Reputation: 147
I have two data frames df1 and df2:
group=c("Group 1", "Group 2", "Group3","Group 1", "Group 2", "Group3")
year=c("2000","2000","2000", "2015", "2015", "2015")
items=c("12", "10", "15", "5", "10", "7")
df1=data.frame(group, year, items)
year=c("2000", "2015")
items=c("37", "22")
df2=data.frame(year,items)
df1 contains the number of items per year and separated by group, and df2 contains the total number of items per year
I'm trying to create a for loop that will calculate the proportion of items for each group type.
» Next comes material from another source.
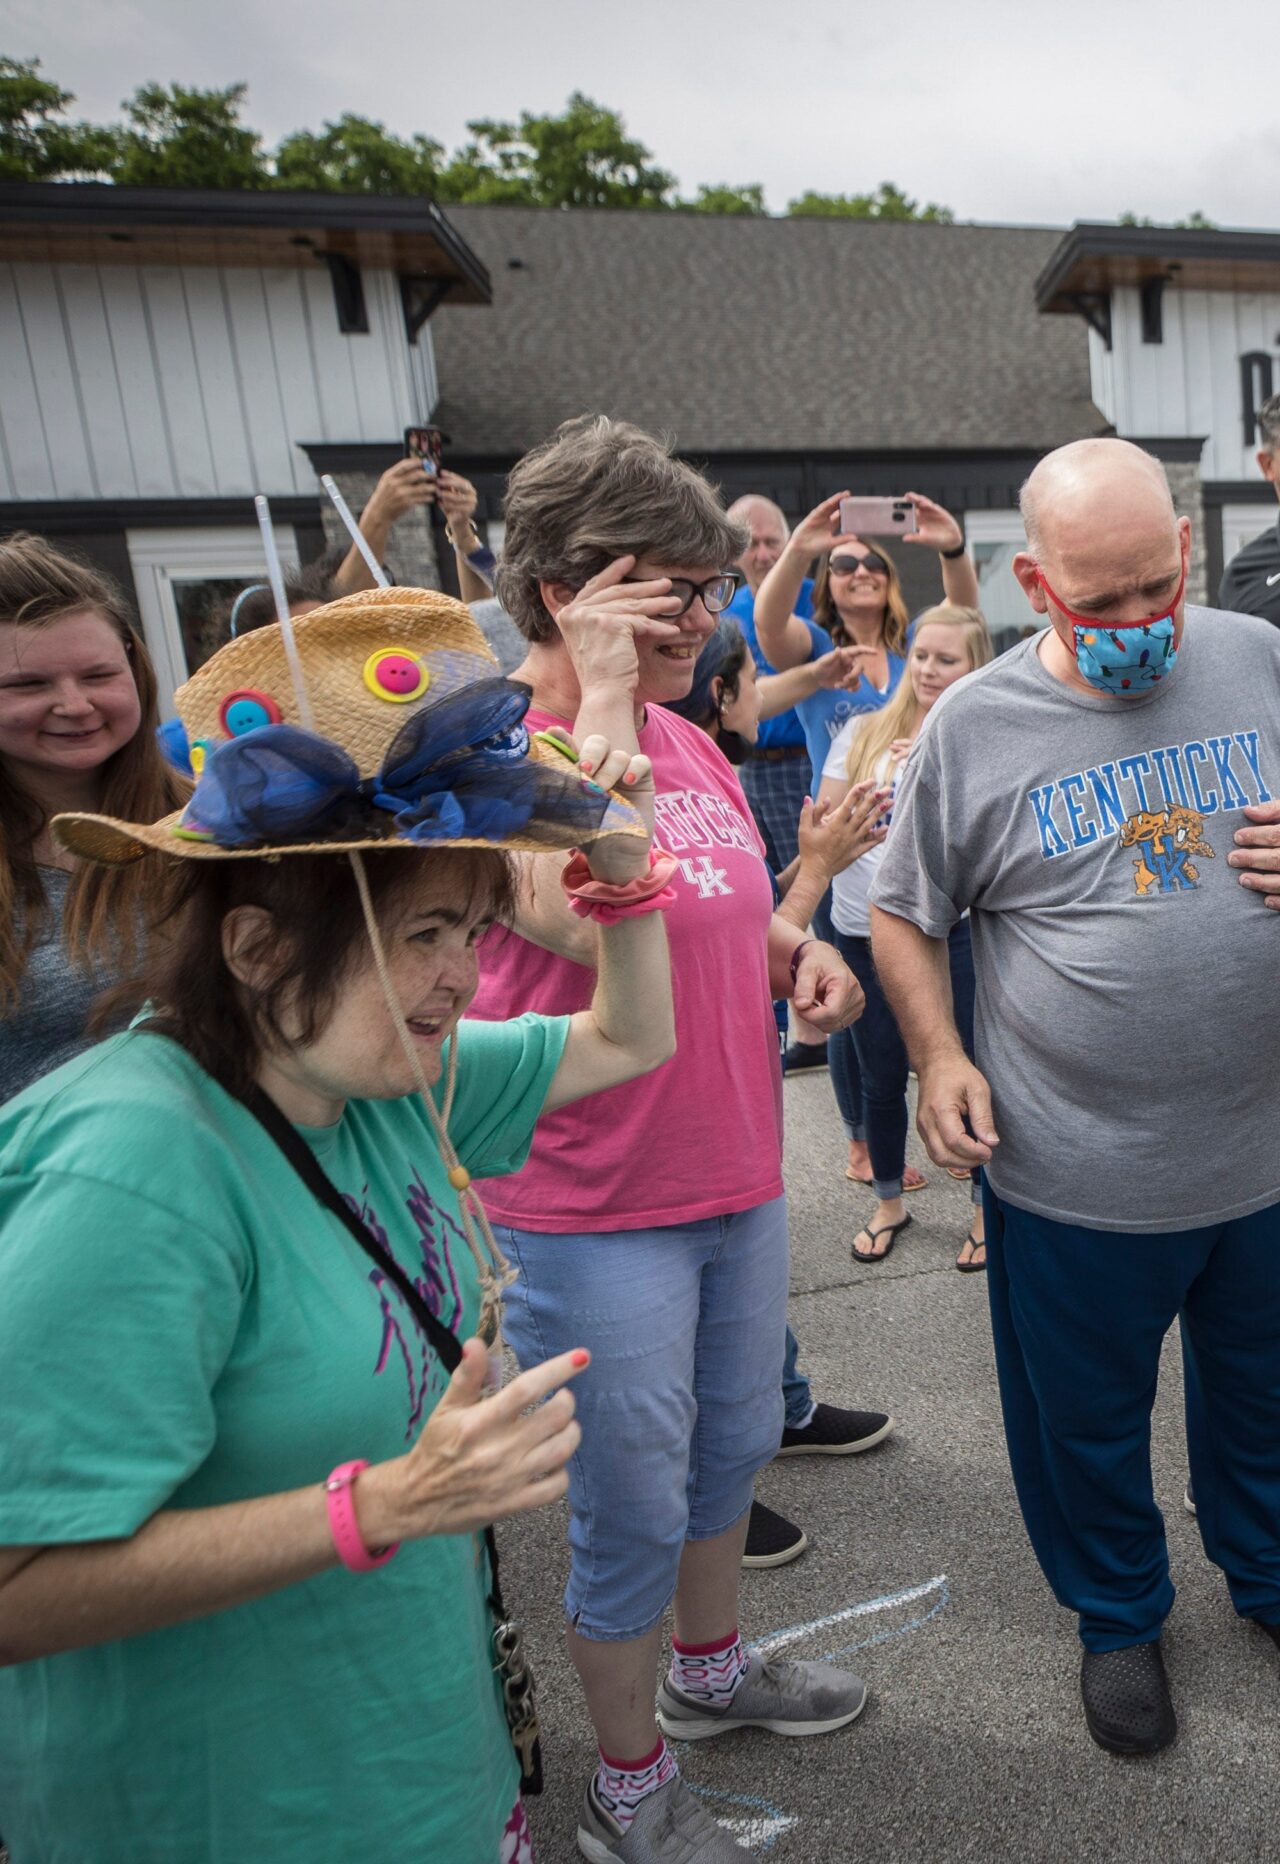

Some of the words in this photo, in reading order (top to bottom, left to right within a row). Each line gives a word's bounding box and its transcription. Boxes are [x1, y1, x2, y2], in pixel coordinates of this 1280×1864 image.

[1027, 730, 1274, 861] KENTUCKY
[677, 855, 736, 899] UK
[1139, 834, 1198, 893] UK
I'm trying to do something like:
df1$Prop="" #create empty column called Prop in df1
for(i in 1:nrow(df1)){
df1$Prop[i]=df1$items/df2$items[df2$year==df1$year[i]]
}
where the loop is supposed to get the proportion for each type of item (by getting the value from df1 and dividing by the total in df2) and list it in a new column but this code isn't working.
Upvotes: 5
Views: 2720
Reputation: 4472
dplyr
equivalent to David's data.table
solution
library(dplyr)
df1$items = as.integer(as.vector(df1$items))
df1 %>% group_by(year) %>% mutate(Prop = items / sum(items))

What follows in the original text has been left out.